ASSIGNMENT.
Copy each line below exactly as it appears. Pictures are to be omitted.

STUDY MATERIAL.

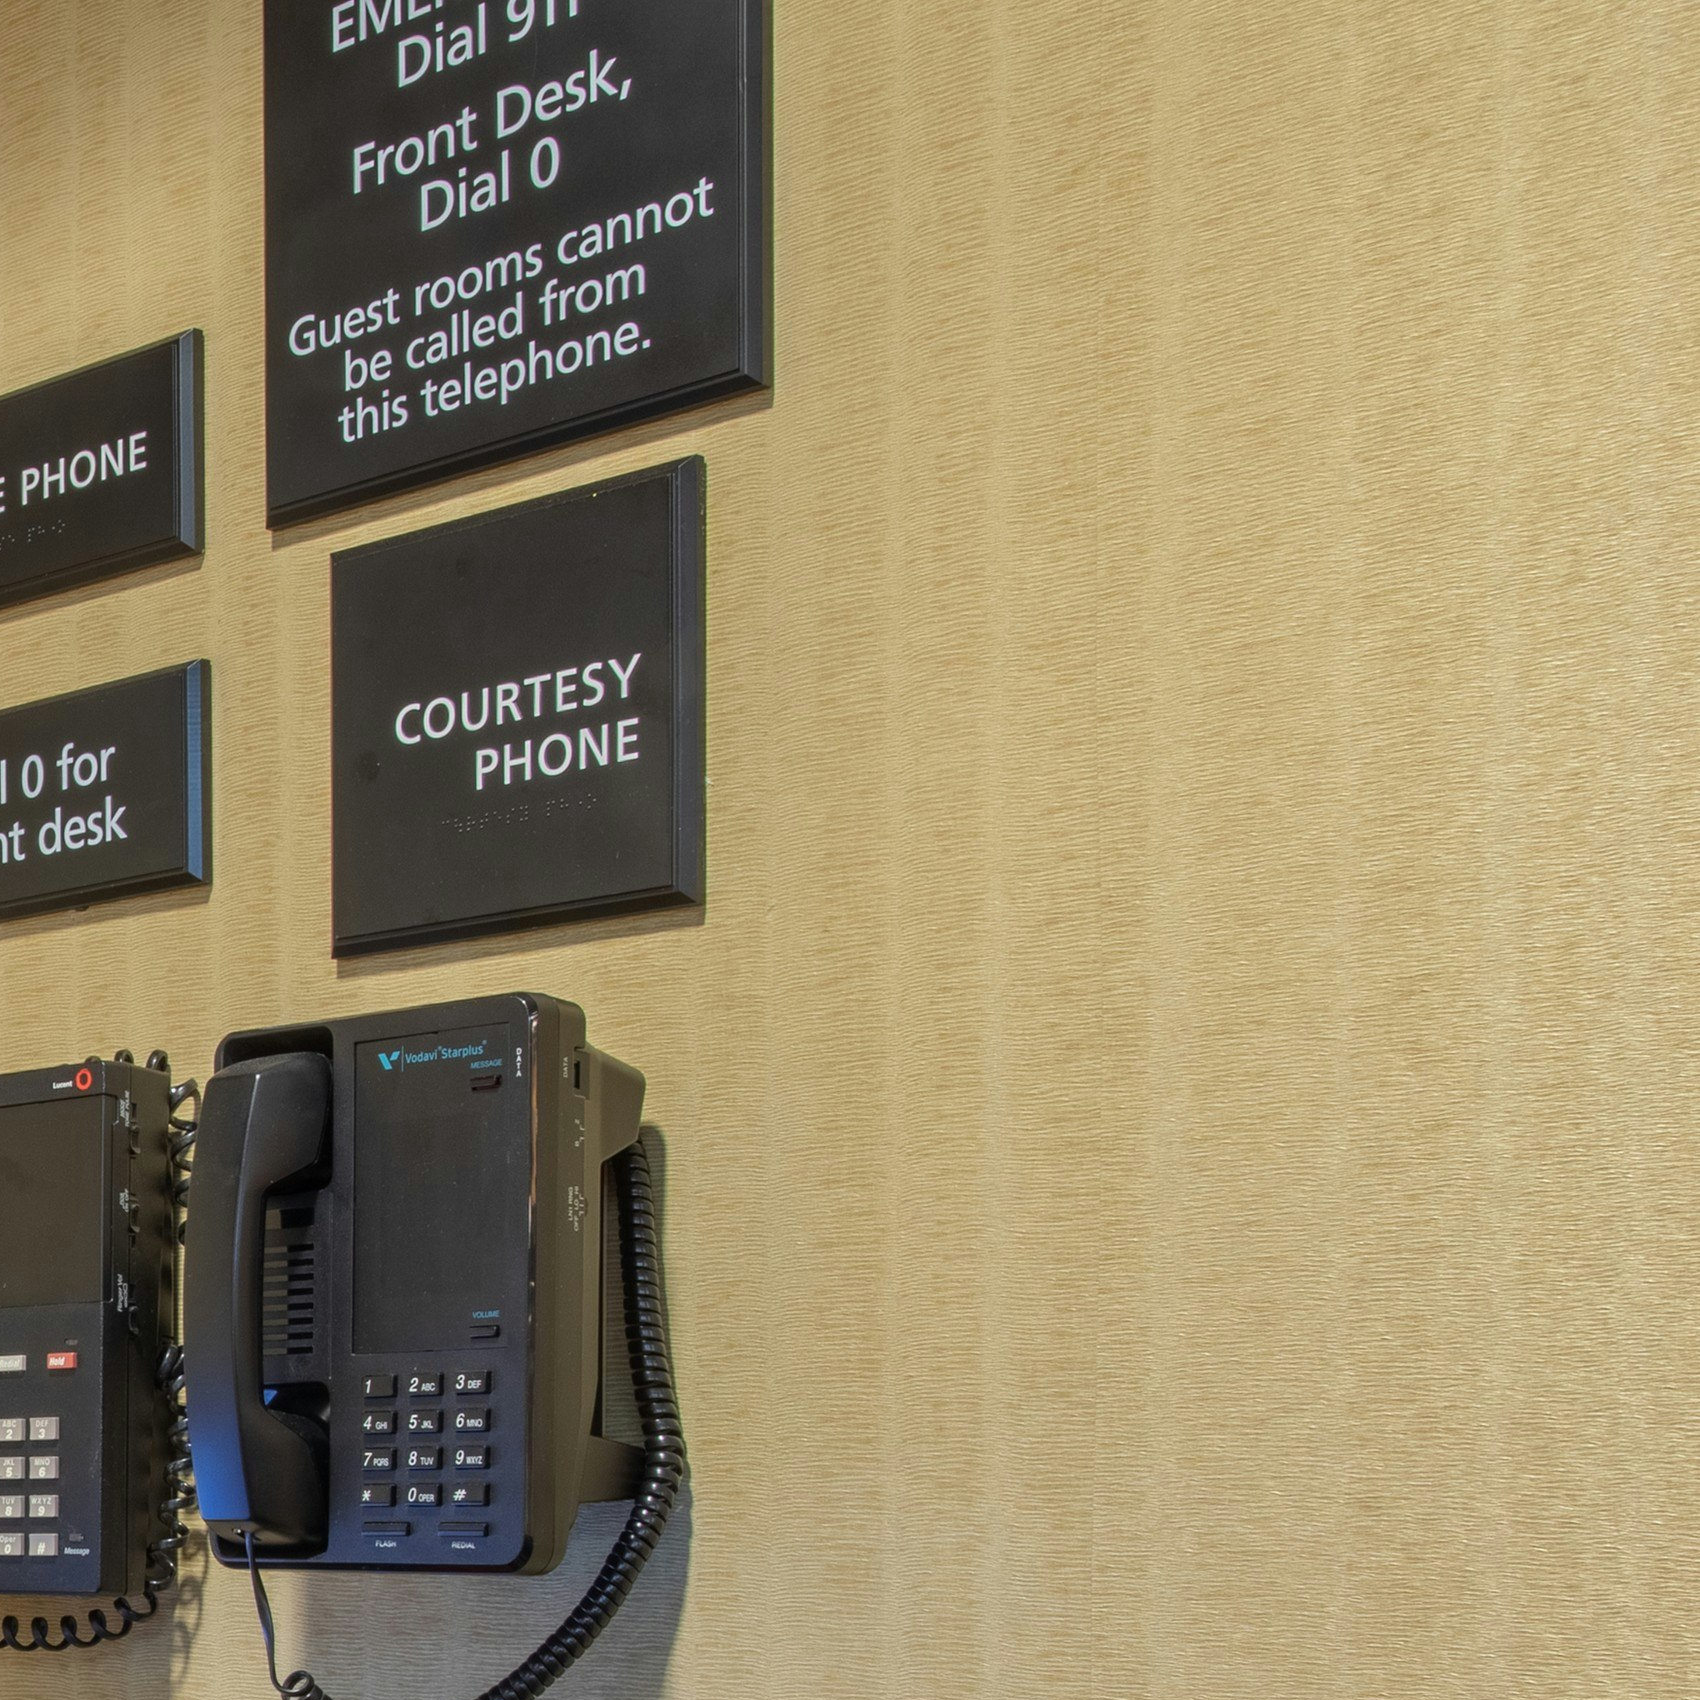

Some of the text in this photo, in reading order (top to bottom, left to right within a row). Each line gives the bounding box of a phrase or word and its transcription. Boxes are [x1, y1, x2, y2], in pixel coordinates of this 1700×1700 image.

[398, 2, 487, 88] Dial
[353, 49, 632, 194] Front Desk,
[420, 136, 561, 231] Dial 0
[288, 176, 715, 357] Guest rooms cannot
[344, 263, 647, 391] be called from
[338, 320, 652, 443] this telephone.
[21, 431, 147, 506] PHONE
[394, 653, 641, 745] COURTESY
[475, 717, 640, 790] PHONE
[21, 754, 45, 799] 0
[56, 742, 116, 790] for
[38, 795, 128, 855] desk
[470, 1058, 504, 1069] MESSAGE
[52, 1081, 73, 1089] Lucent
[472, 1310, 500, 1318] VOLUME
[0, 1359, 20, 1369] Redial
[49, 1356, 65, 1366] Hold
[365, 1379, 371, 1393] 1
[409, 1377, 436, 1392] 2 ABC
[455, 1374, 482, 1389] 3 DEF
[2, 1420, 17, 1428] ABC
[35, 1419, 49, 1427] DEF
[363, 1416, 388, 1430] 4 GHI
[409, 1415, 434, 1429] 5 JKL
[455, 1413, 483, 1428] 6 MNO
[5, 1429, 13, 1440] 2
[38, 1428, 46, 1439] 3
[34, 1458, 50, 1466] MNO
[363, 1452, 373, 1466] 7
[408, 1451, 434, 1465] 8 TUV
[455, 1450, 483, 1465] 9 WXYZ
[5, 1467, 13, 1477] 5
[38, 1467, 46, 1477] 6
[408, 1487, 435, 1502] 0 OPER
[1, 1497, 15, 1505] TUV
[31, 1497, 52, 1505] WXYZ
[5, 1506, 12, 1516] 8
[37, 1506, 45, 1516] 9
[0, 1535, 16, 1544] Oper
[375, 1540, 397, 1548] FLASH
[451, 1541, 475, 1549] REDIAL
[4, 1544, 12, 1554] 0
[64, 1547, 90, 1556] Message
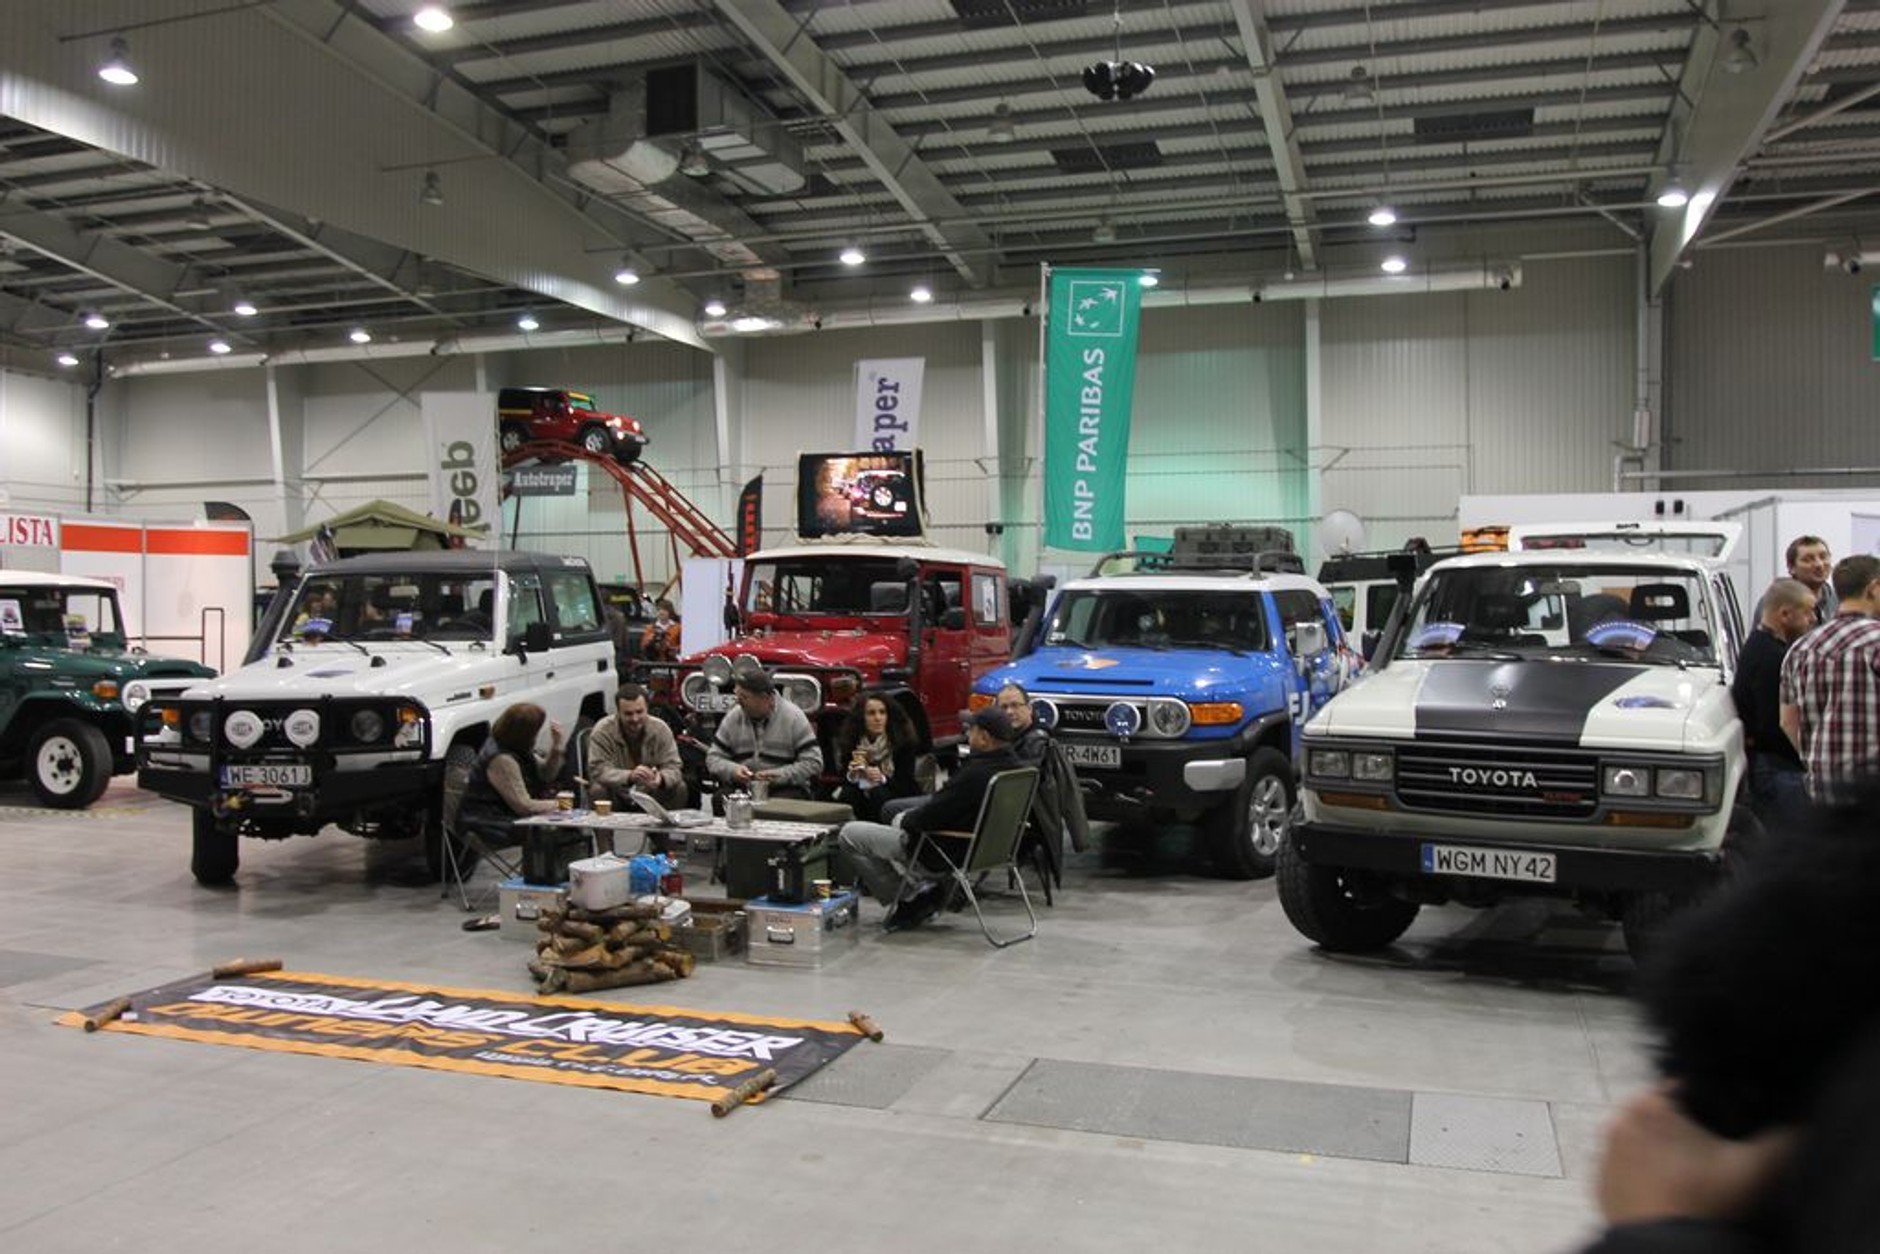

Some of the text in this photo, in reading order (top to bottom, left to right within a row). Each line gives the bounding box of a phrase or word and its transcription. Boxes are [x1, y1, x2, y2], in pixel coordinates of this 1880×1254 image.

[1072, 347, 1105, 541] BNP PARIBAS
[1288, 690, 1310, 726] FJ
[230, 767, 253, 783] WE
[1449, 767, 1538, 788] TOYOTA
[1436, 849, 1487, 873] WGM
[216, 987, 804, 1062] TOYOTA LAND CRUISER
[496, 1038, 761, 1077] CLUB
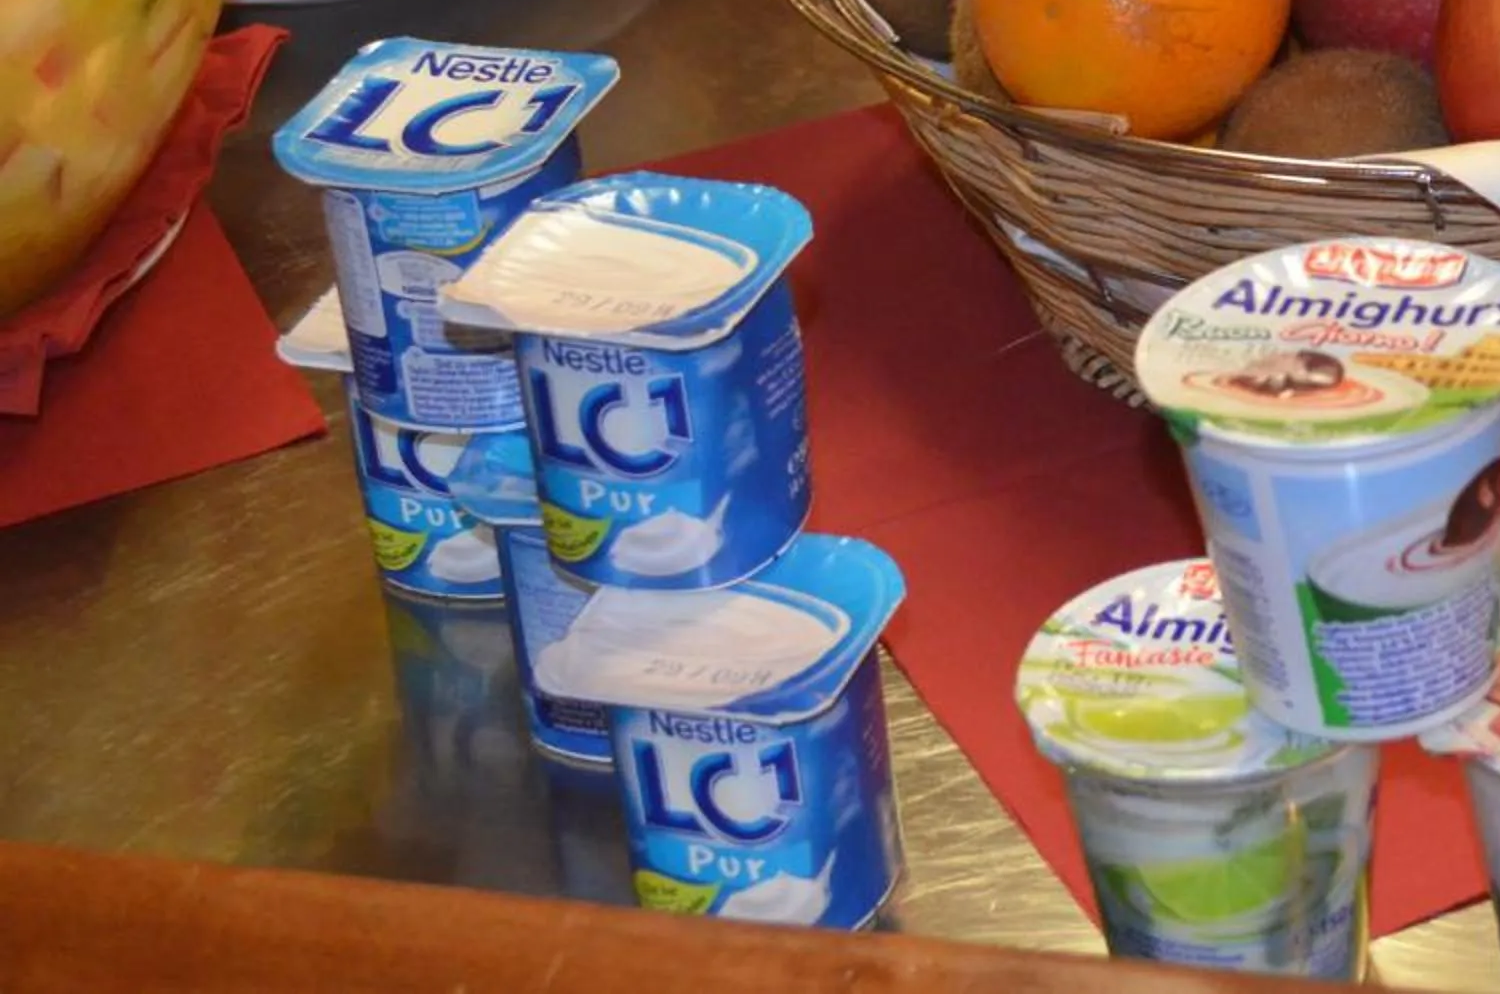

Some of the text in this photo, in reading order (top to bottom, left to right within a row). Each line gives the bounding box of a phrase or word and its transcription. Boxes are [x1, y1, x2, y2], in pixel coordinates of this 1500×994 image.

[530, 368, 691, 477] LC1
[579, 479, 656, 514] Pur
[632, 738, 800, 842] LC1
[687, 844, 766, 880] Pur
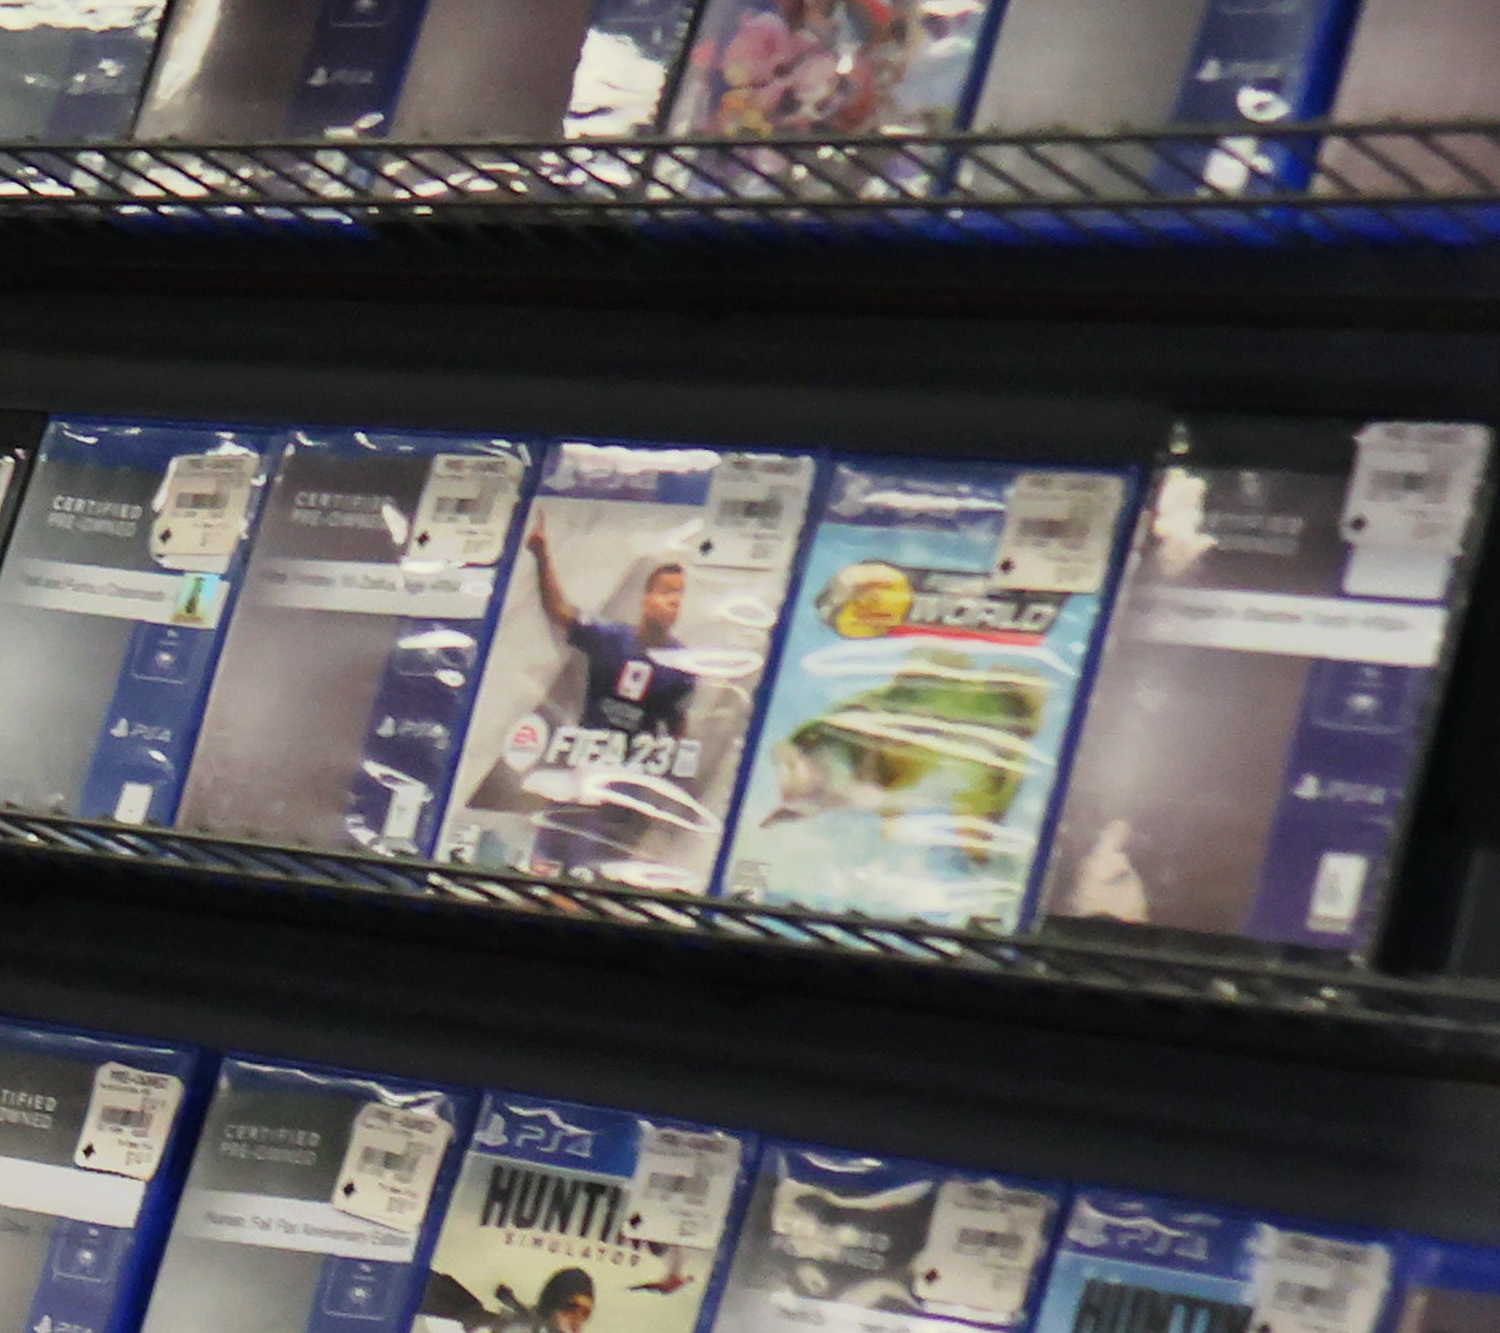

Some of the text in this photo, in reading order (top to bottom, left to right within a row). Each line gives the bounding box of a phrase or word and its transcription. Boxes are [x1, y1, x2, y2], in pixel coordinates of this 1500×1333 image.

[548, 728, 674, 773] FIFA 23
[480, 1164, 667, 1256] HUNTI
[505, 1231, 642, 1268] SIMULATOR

PROBLEM SOLUTION.
Some of the text in this photo, in reading order (top to bottom, left to right within a row). Each line gives the bounding box of a phrase or word and its transcription. Boxes are [x1, y1, x2, y2], in pixel coordinates of this 1700×1700 image.

[398, 2, 487, 88] Dial
[353, 49, 632, 194] Front Desk,
[420, 136, 561, 231] Dial 0
[288, 176, 715, 357] Guest rooms cannot
[344, 263, 647, 391] be called from
[338, 320, 652, 443] this telephone.
[21, 431, 147, 506] PHONE
[394, 653, 641, 745] COURTESY
[475, 717, 640, 790] PHONE
[21, 754, 45, 799] 0
[56, 742, 116, 790] for
[38, 795, 128, 855] desk
[470, 1058, 504, 1069] MESSAGE
[52, 1081, 73, 1089] Lucent
[472, 1310, 500, 1318] VOLUME
[0, 1359, 20, 1369] Redial
[49, 1356, 65, 1366] Hold
[365, 1379, 371, 1393] 1
[409, 1377, 436, 1392] 2 ABC
[455, 1374, 482, 1389] 3 DEF
[2, 1420, 17, 1428] ABC
[35, 1419, 49, 1427] DEF
[363, 1416, 388, 1430] 4 GHI
[409, 1415, 434, 1429] 5 JKL
[455, 1413, 483, 1428] 6 MNO
[5, 1429, 13, 1440] 2
[38, 1428, 46, 1439] 3
[34, 1458, 50, 1466] MNO
[363, 1452, 373, 1466] 7
[408, 1451, 434, 1465] 8 TUV
[455, 1450, 483, 1465] 9 WXYZ
[5, 1467, 13, 1477] 5
[38, 1467, 46, 1477] 6
[408, 1487, 435, 1502] 0 OPER
[1, 1497, 15, 1505] TUV
[31, 1497, 52, 1505] WXYZ
[5, 1506, 12, 1516] 8
[37, 1506, 45, 1516] 9
[0, 1535, 16, 1544] Oper
[375, 1540, 397, 1548] FLASH
[451, 1541, 475, 1549] REDIAL
[4, 1544, 12, 1554] 0
[64, 1547, 90, 1556] Message

Some of the text in this photo, in reading order (top to bottom, left to right within a row). Each line gives the bounding box of a phrase or word and its transcription. Boxes are [x1, y1, x2, y2], in pixel coordinates of this 1880×1254 image.

[1072, 347, 1105, 541] BNP PARIBAS
[1288, 690, 1310, 726] FJ
[230, 767, 253, 783] WE
[1449, 767, 1538, 788] TOYOTA
[1436, 849, 1487, 873] WGM
[216, 987, 804, 1062] TOYOTA LAND CRUISER
[496, 1038, 761, 1077] CLUB

Some of the text in this photo, in reading order (top to bottom, left to right within a row). Each line gives the bounding box of a phrase or word and its transcription. Boxes are [x1, y1, x2, y2], in pixel coordinates of this 1500×994 image.

[530, 368, 691, 477] LC1
[579, 479, 656, 514] Pur
[632, 738, 800, 842] LC1
[687, 844, 766, 880] Pur

Some of the text in this photo, in reading order (top to bottom, left to right within a row). Each line gives the bounding box of a phrase or word and its transcription. Boxes are [x1, y1, x2, y2], in pixel coordinates of this 1500×1333 image.

[548, 728, 674, 773] FIFA 23
[480, 1164, 667, 1256] HUNTI
[505, 1231, 642, 1268] SIMULATOR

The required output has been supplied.